Public trust shaken by corruption charges

The news out of Illinois this week that the state's Governor Rod Blagojevich has been charged with multiple counts of corruption is just one more chapter in a seemingly steady stream of public malfeasance allegations against elected officials.

In Boston, local politics are in an upheaval as State Senator Dianne Wilkerson and City Councillor Chuck Turner each face charges of taking bribes. On Tuesday, each was named in an additional conspiracy charge.

The Chicago charges, along with the indictments against the two Boston pols and other cases around the country, add to the impression of a "culture of corruption" among office holders. In recent years, national headlines reported the deeds of high profile Republicans including Larry Craig, Duke Cunningham, Mark Foley, Bob Ney, Don Sherwood and Ted Stevens. More recently, it's been Democrats like William Jefferson, Tim Mahoney and Charlie Rangel implicated with wrongdoing. It's not just members of the two parties - Councillor Turner is neither a Democrat nor a Republican, but a member of the Green-Rainbow party.

So it is understandable that a cynical citizenry can become enraged by these reports, even to the point of concluding that corruption is a way of life for politicians.

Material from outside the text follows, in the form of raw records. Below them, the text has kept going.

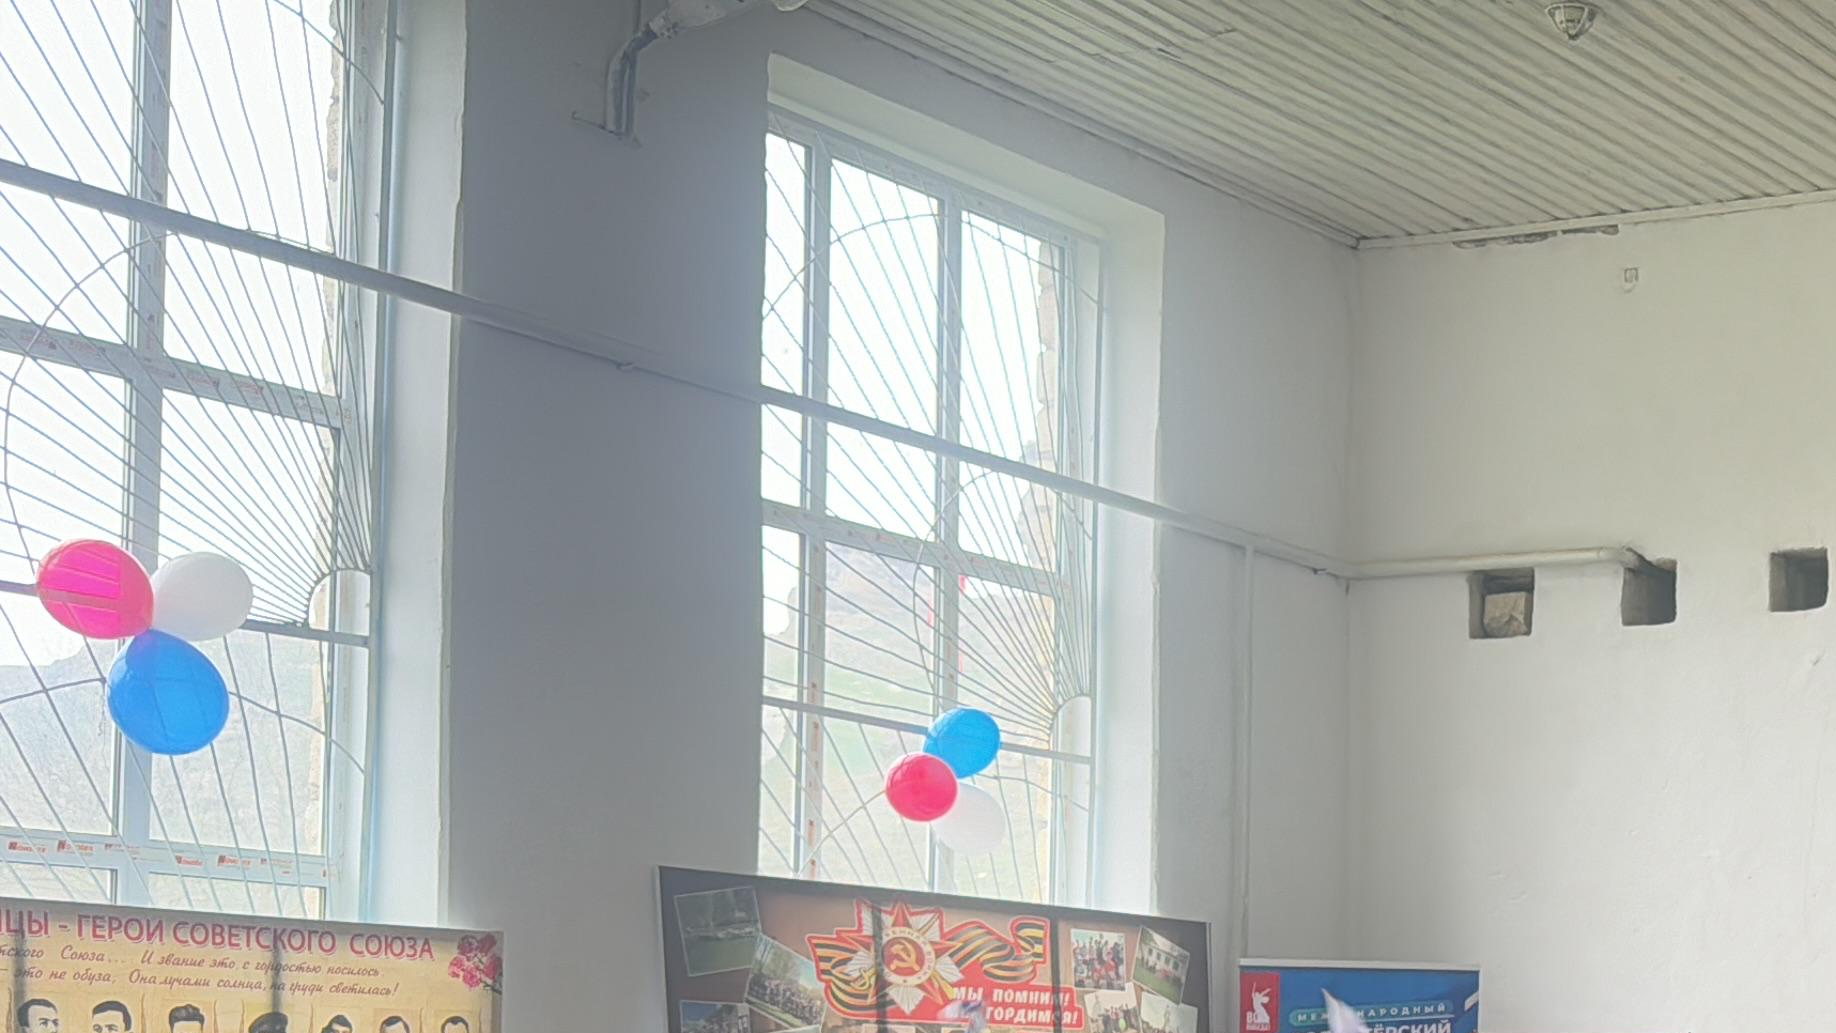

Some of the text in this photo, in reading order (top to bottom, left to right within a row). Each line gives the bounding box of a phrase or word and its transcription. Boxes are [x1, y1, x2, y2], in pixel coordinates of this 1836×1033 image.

[0, 908, 49, 939] ЦЫ
[77, 914, 164, 944] ГЕРОИ
[172, 920, 336, 953] СОВЕТСКОГО
[350, 932, 434, 959] СОЮЗА
[157, 952, 205, 968] звание
[49, 969, 68, 981] не
[953, 986, 984, 1001] МЫ

On CNN Tuesday night, analyst David Gergen took pains to remind viewers that the very great majority of public officeholders are people of integrity, and should not be painted with the same brush as those already accused or convicted. Mr. Gergen knows whereof he speaks: he has served as a counselor to three Presidents, and director of the Kennedy School's Center for Public Leadership, and has written widely on politics and politicians.

In his book, Eyewitness to Power, he describes what he believes are the seven necessary attributes for a politician He writes, "What they must have are: inner mastery; a central, compelling purpose rooted in moral values; a capacity to persuade; skills in working within the system; a fast start; a strong, effective team; and a passion that inspires others to keep the flame alive."

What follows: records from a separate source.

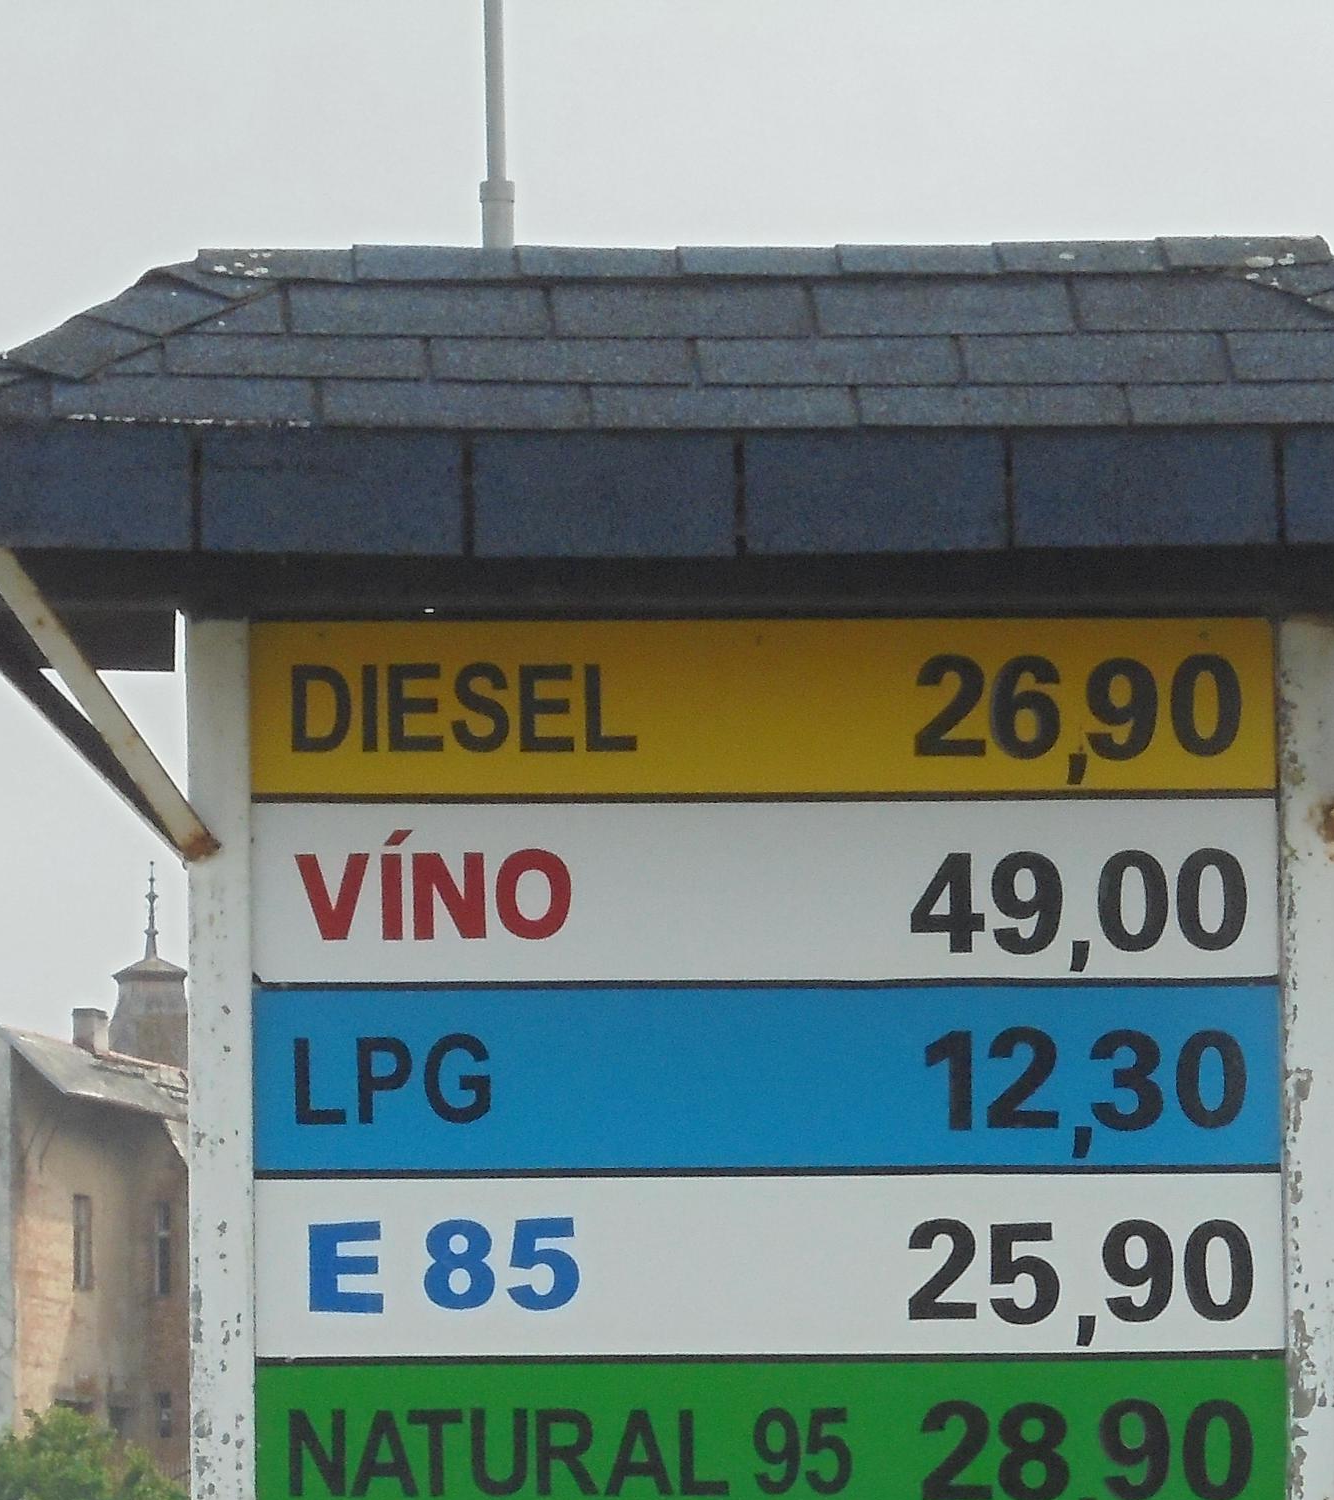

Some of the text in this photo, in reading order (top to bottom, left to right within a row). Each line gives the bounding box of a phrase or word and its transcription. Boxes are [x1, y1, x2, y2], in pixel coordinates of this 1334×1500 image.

[291, 653, 1242, 785] DIESEL 26,90
[294, 829, 1247, 973] VÍNO 49,00
[294, 1026, 1247, 1159] LPG 12,30
[308, 1217, 1254, 1347] E 85 25,90
[288, 1407, 730, 1498] NATURAL
[752, 1407, 854, 1496] 95

The core trait for the politician must be what he describes as a "compelling purpose rooted in moral values." It is those values of high character that must define the politician. More than any other personality facet, the pol's inner compass must be forged in such a way that he/she will not be tempted by the perks of power.

As in all professions, the perquisites of the political job expand with time, and the benefits that can attach to political power can be intoxicating. But to resist them, for the politician there's a compelling prerequisite: a strong, inner core sense of ethics and responsibility, to the public, to the constituents, to the family and most especially to one self.

Too often, persons accused of wrongdoing try to rationalize their actions as "mistakes," but such excuses are feeble: they are not mistakes, they are misdeeds, and in the current cases now in the news, the alleged criminality each will be judged by a jury in a court of law.

But as to their fitness to hold public office, that judgment has long since been made. When the public trust is breached, all activities become tainted. Resignation is not an admission of guilt, but rather a promise that similar acts will not be repeated.